BEGIN RECORDED INFORMATION

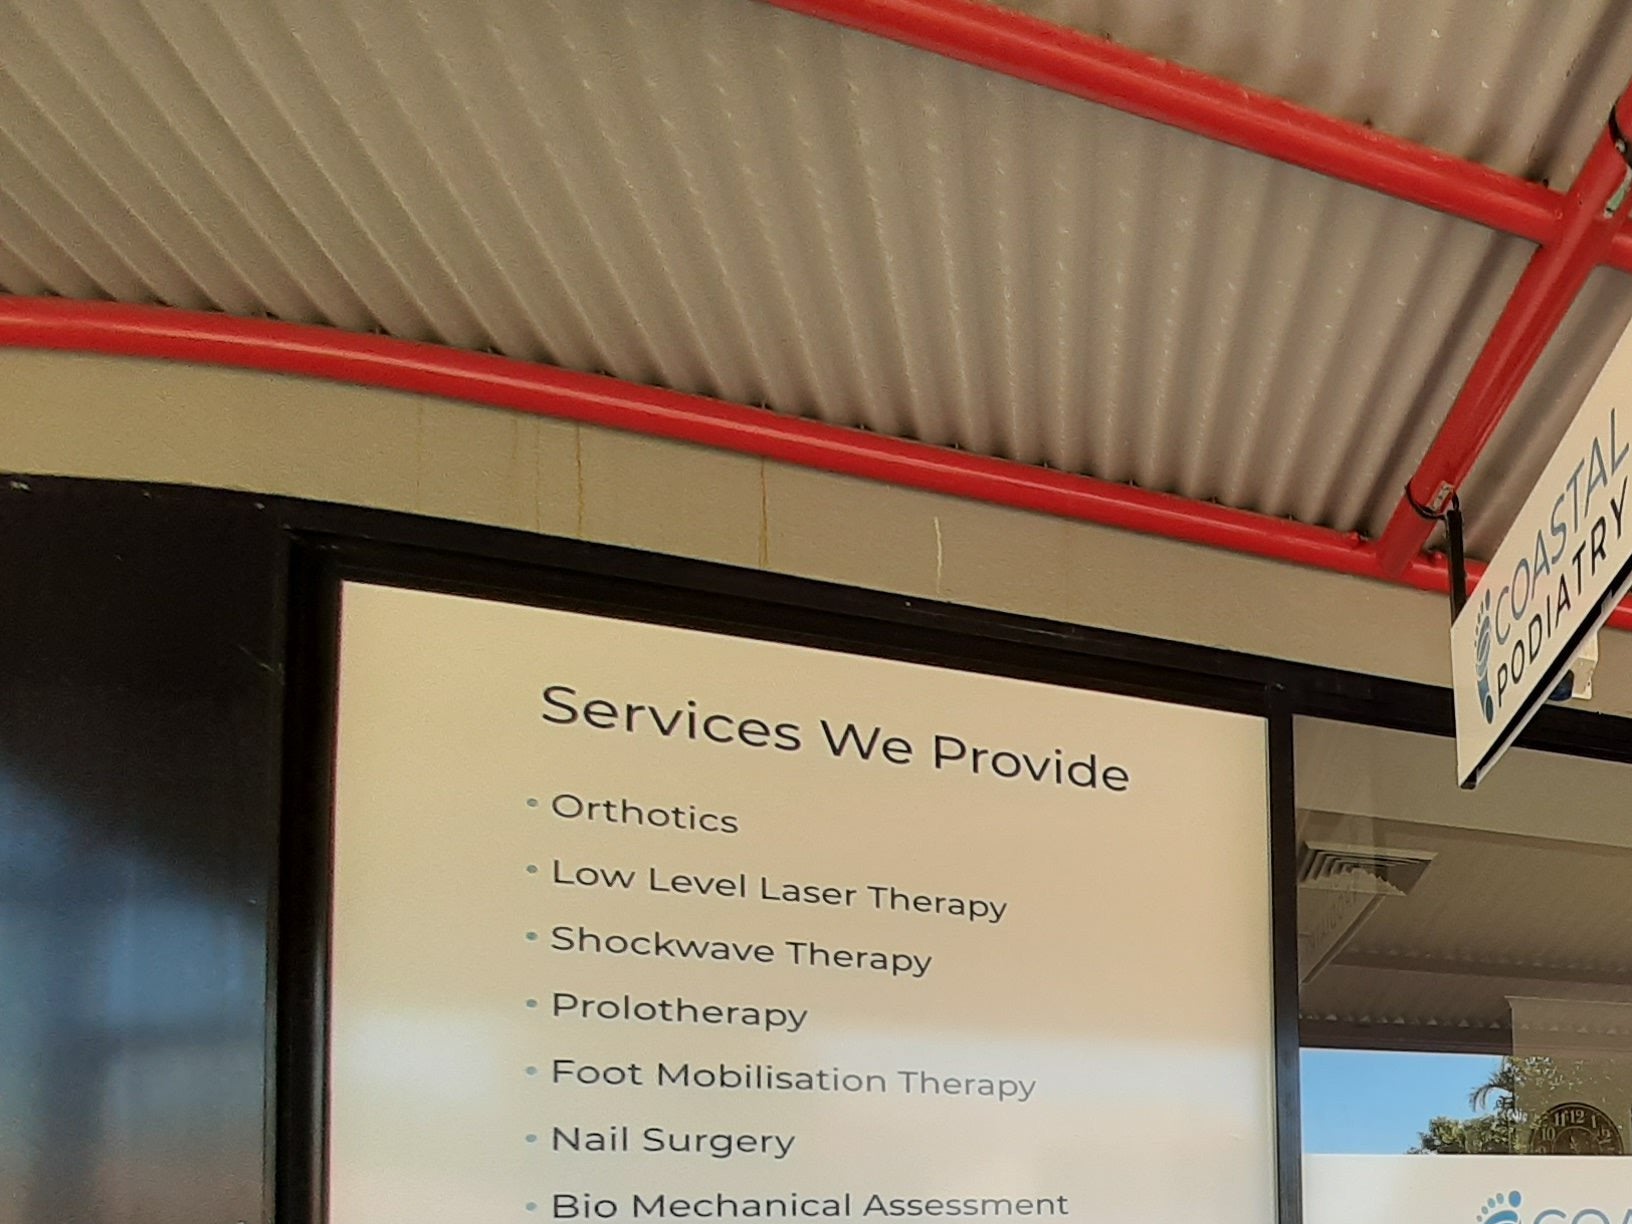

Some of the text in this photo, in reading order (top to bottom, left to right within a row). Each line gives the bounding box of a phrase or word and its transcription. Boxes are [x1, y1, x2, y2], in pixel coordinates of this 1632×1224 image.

[1495, 408, 1630, 647] COASTAL
[1496, 476, 1629, 708] PODIATRY
[543, 686, 1128, 791] Services We Provide
[552, 794, 738, 833] Orthotics
[554, 860, 1007, 923] Low Level Laser Therapy
[552, 927, 931, 977] Shockwave Therapy
[554, 993, 807, 1032] Prolotherapy
[554, 1060, 1036, 1102] Foot Mobilisation Therapy
[554, 1126, 795, 1159] Nail Surgery
[554, 1193, 1068, 1218] Bio Mechanical Assessment
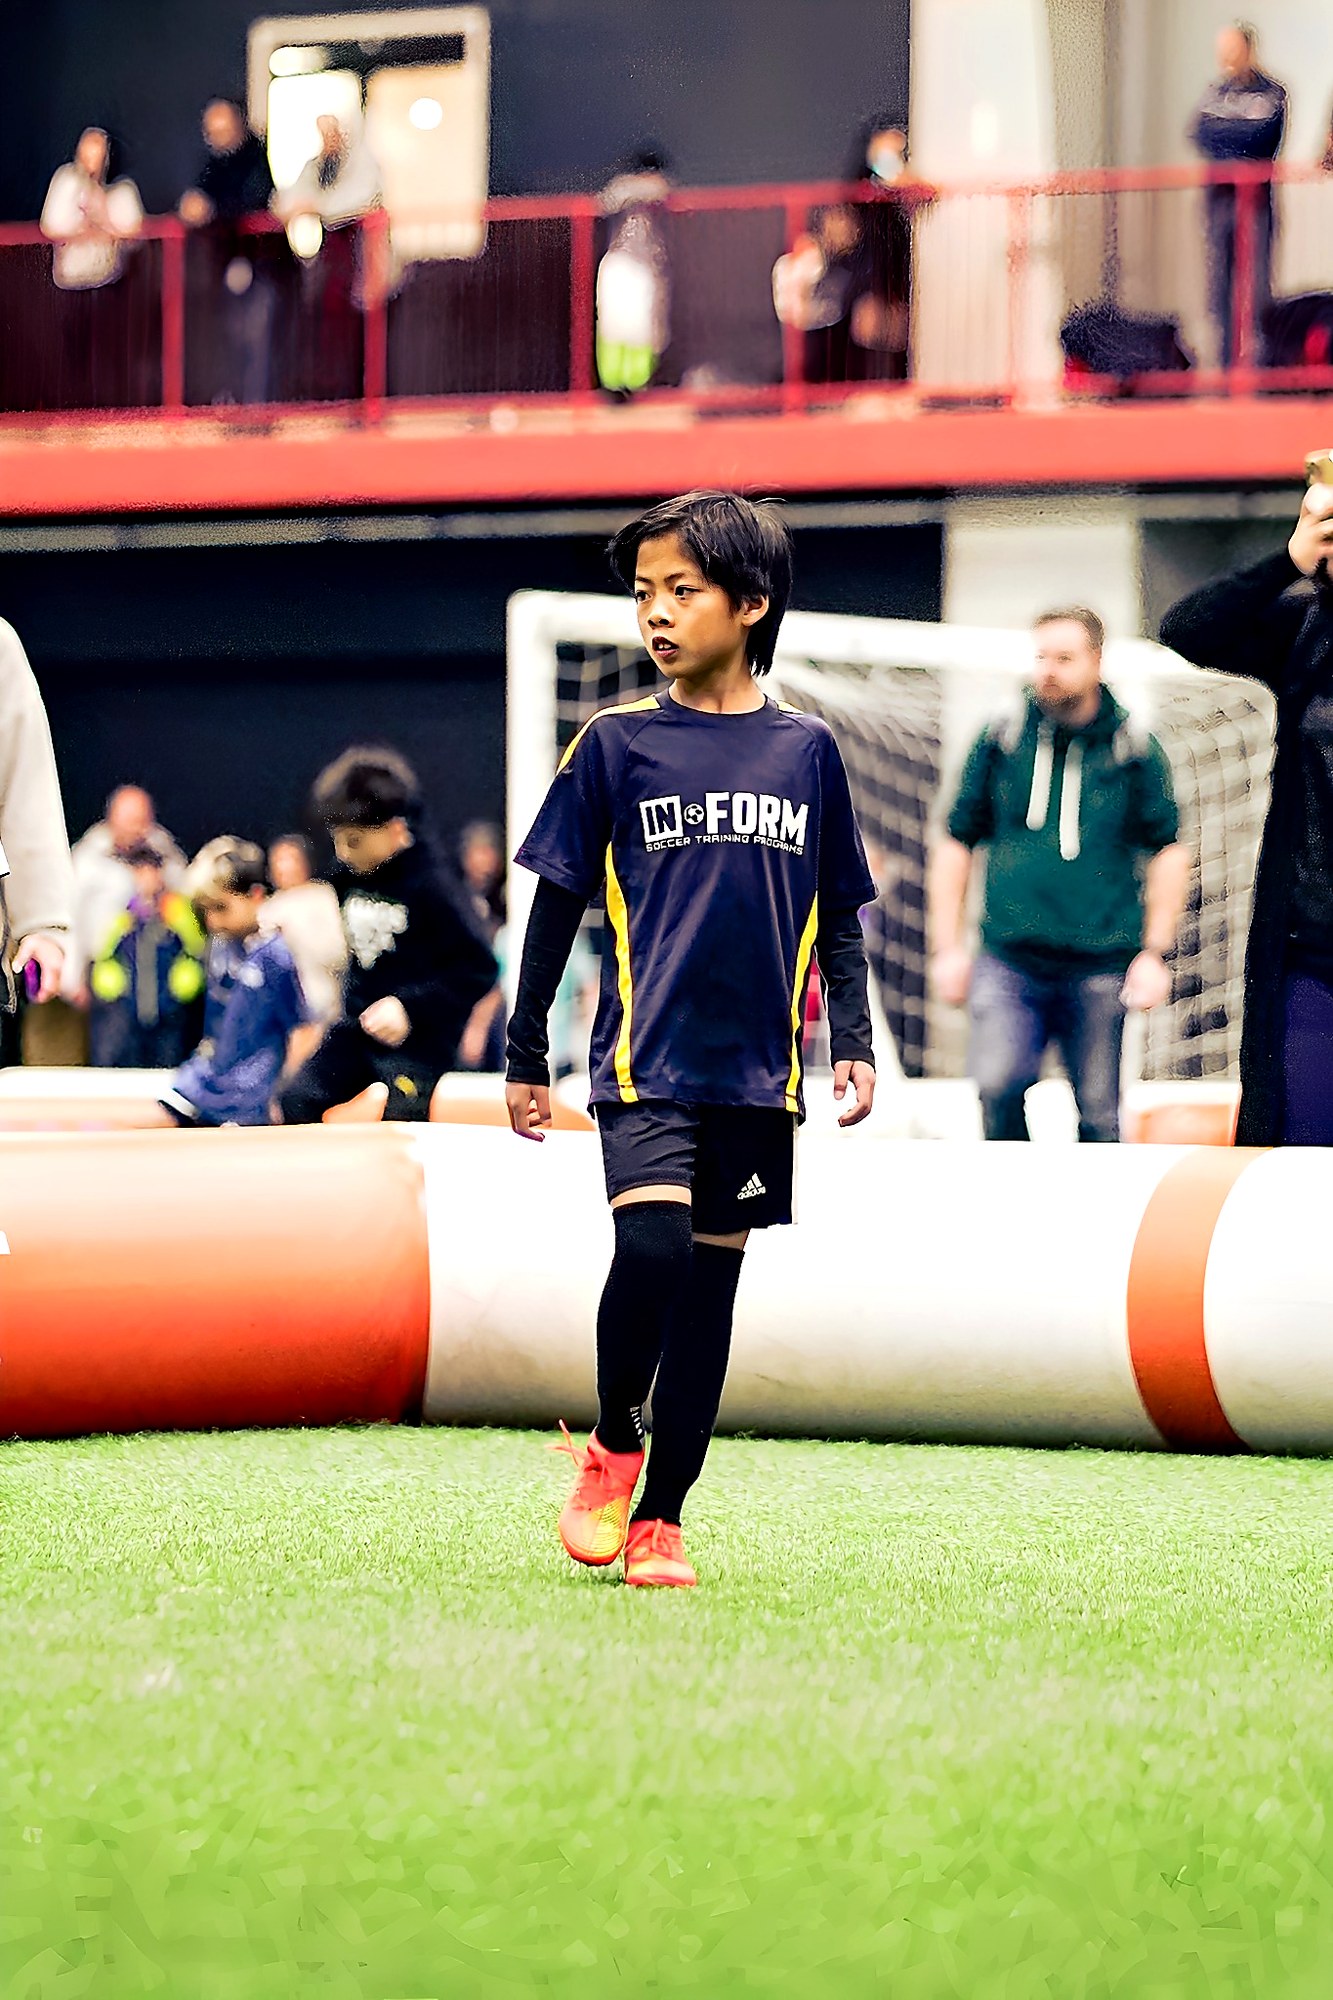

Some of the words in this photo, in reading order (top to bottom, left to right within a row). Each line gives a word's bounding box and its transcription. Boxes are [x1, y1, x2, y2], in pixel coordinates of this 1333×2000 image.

END RECORDED INFORMATION

**TASK TO CARRY OUT:** The entries above are to be printed again word for word, with every picture removed.

**EXERCISE SOLUTION:**
Some of the text in this photo, in reading order (top to bottom, left to right within a row). Each line gives the bounding box of a phrase or word and its transcription. Boxes are [x1, y1, x2, y2], in pixel coordinates of this 1632×1224 image.

[1495, 408, 1630, 647] COASTAL
[1496, 476, 1629, 708] PODIATRY
[543, 686, 1128, 791] Services We Provide
[552, 794, 738, 833] Orthotics
[554, 860, 1007, 923] Low Level Laser Therapy
[552, 927, 931, 977] Shockwave Therapy
[554, 993, 807, 1032] Prolotherapy
[554, 1060, 1036, 1102] Foot Mobilisation Therapy
[554, 1126, 795, 1159] Nail Surgery
[554, 1193, 1068, 1218] Bio Mechanical Assessment

Some of the words in this photo, in reading order (top to bottom, left to right within a row). Each line gives a word's bounding box and its transcription. Boxes are [x1, y1, x2, y2], in pixel coordinates of this 1333×2000 image.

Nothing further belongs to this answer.